I tend to think I’m a pretty good sleeper.

As a kid, I was always – always – the first one to fall asleep at slumber parties; in high school, I abided by a self-imposed bedtime; and even as an adult, I’ve been known to fall asleep in the middle of a party.

Like, say, at a bar.

Or, like, in a car.

Sleep happens.

But as of late I’ve had a little trouble sleeping. I toss and turn all night, have the weirdest/most stressful dreams and I wake up tired.

I see clients who have a similar issue, and because the topic was brought up over a dinner conversation last night, I thought, hey – maybe it’s time to write a post about sleep hygiene. 

Here are some tips I suggest to clients, as well as tips I do my best to follow in my personal life.

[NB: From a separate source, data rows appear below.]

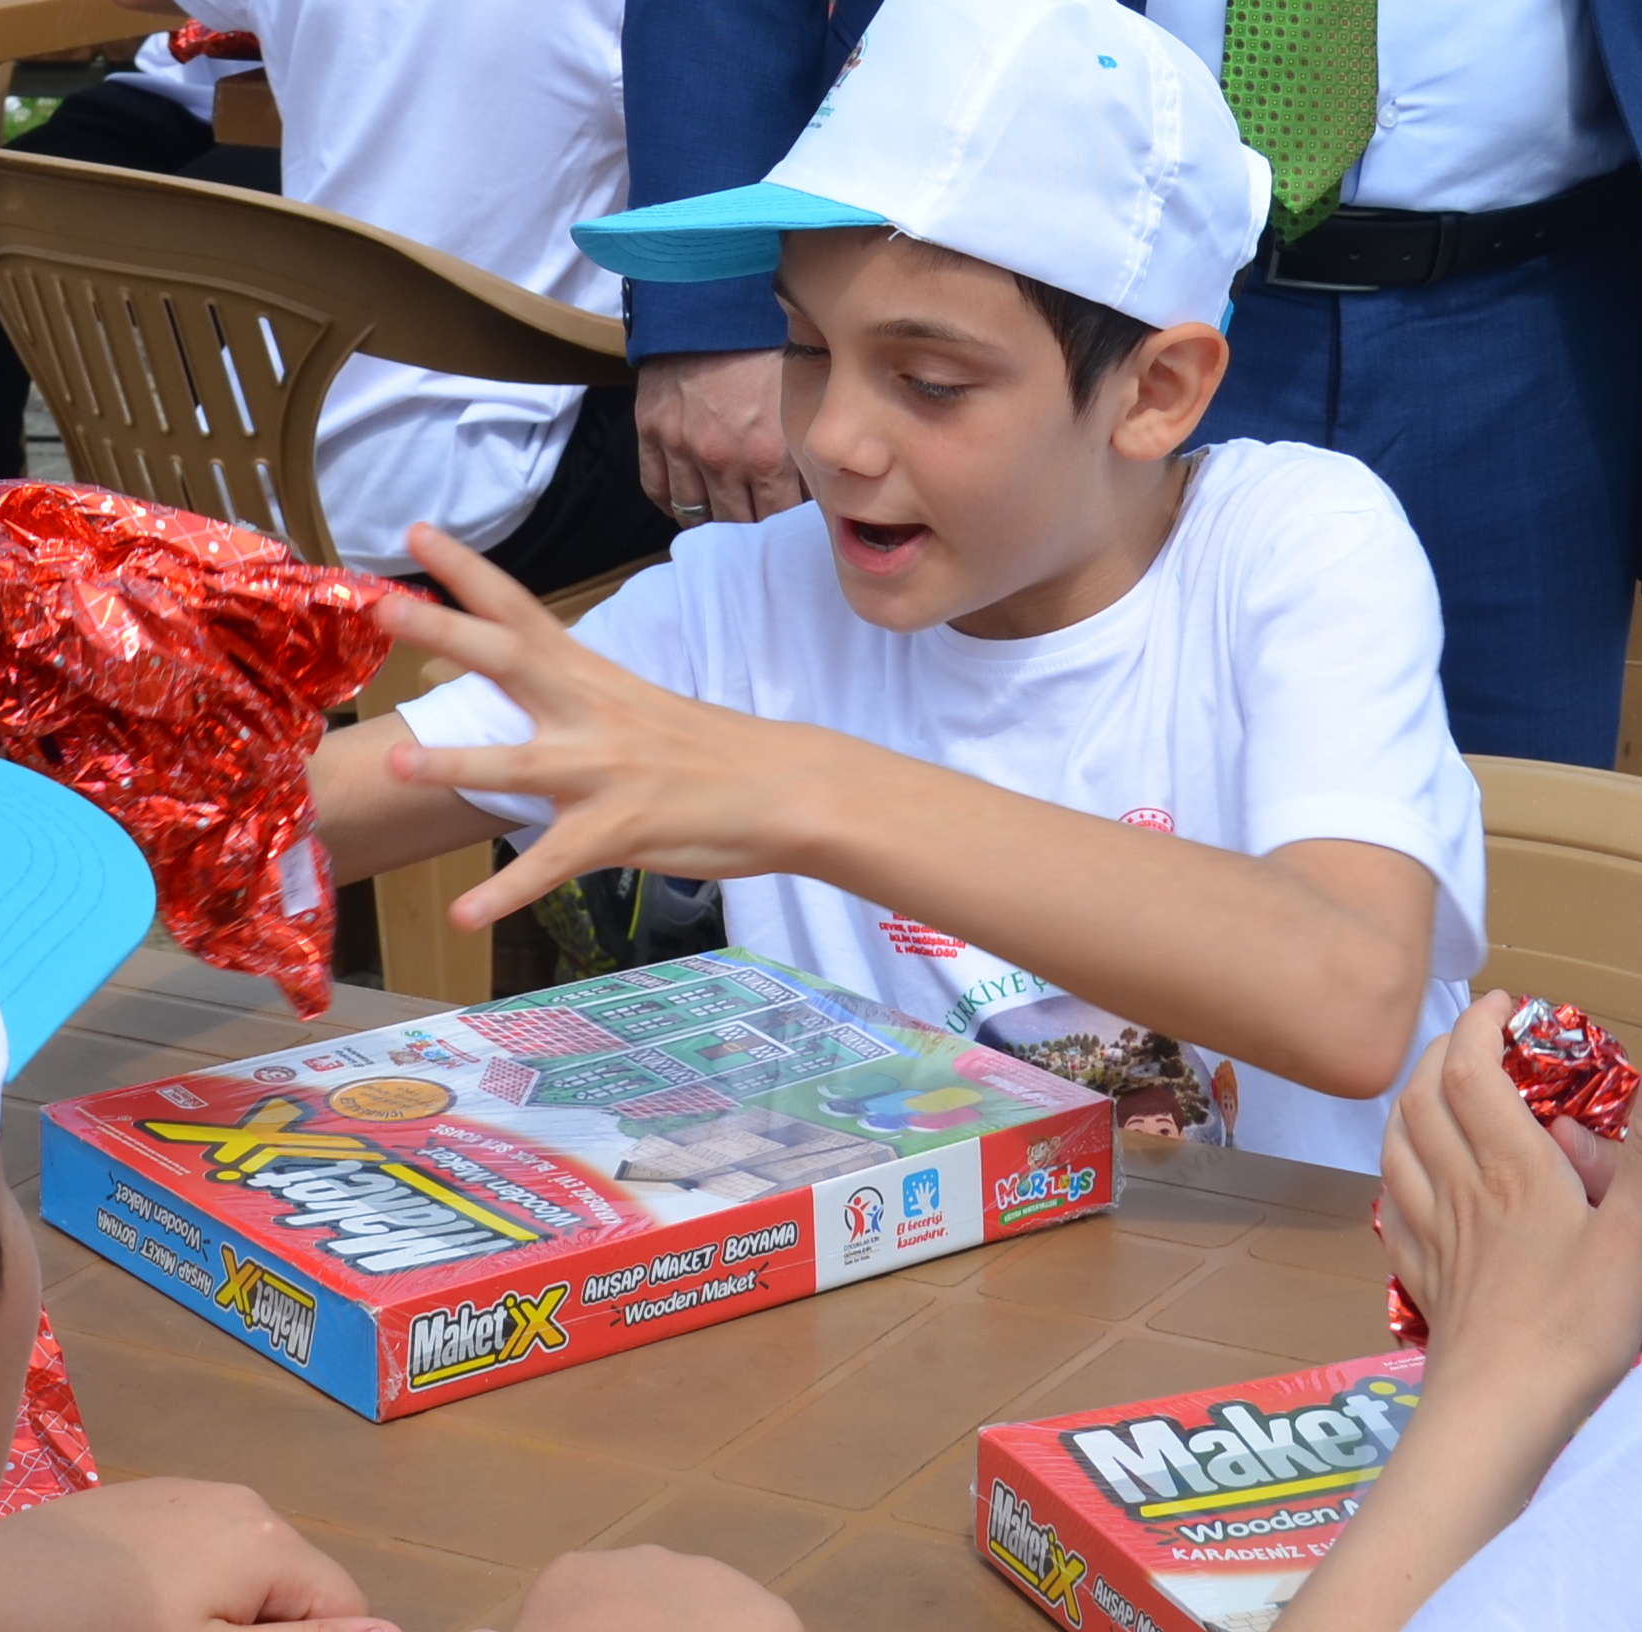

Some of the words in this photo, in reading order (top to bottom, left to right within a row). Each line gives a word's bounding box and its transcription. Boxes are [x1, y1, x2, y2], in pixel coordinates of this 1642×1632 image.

[945, 971, 1027, 1035] ÜRKİYE
[417, 1146, 492, 1184] Maket
[115, 1180, 153, 1220] Maket
[486, 1176, 582, 1228] Wooden
[98, 1207, 139, 1251] BOYAMA
[153, 1207, 202, 1249] Wooden
[907, 1210, 944, 1232] becerisi
[140, 1240, 178, 1277] MAKET
[177, 1261, 213, 1297] AHŞAP
[584, 1267, 646, 1304] AHŞAP
[650, 1246, 715, 1286] MAKET
[722, 1222, 797, 1264] BOYAMA
[623, 1290, 698, 1327] Wooden
[700, 1269, 757, 1305] Maket
[1180, 1506, 1340, 1545] Wooden
[1172, 1542, 1306, 1564] KARADENİZ
[1094, 1577, 1135, 1626] AHŞAP

  • Set a schedule – Don’t just stay up as late as possible so your body has no other choice but to collapse on you.  For a lack of a better term, set a “bedtime” and make your best effort to stick to it, give or take 30 minutes. Our bodies like routine, so we might as well give in ;)
  • Don’t make naps a regular thing – Sometimes naps are totally necessary. Like, on Sundays when your husband is watching football. But when you nap regularly, it becomes difficult to stay awake during the day, as well as sleep through the night.
  • Nix the nighttime snacking – I tend to suggest avoiding sugars and carbs 2 – 4 hours before you go to sleep. Simple as that.
  • Turn off the TV. And the computer. And the cell phone. – Let’s be honest, our brains are over-stimulated all day long. “Unplugging” 30 – 60 minutes before bed allows our mind to calm down, resulting in less weird dreams and “thoughts that keep me up at night.”
  • Release the worry – If you’re a worrier like myself, it helps to keep a notepad bedside. Why? Rather than replaying a worry or thought, simply write it down and roll back over. Releasing worries from our mind is essential for a good night’s sleep!
  • Your bed is for two things: sleep and sex – When you make your bed your office, your dining room, and your living room, your body doesn’t recognize it as a place of rest.
  • Avoid alcohol – It’s a common misconception that alcohol aids in sleep, but it actually does just the opposite. Alcohol may make us pass out (like, in a bar, or in a car), but as it metabolizes and leaves our system, it acts as a stimulant.
  • Lastly if you can’t sleep, GET UP – Don’t lay there hoping you’ll fall asleep. Get up, get a drink of milk, or read a book for ten minutes. I like to think of it as “hitting the reset button.”

Let’s chat – Do you have any specific sleep hygiene habits? While I try to abide by all of these tips, the one I won’t compromise is my sleep schedule. If I stay up too late, get up too late, or don’t get 7 – 8 hours, I’m all out of whack!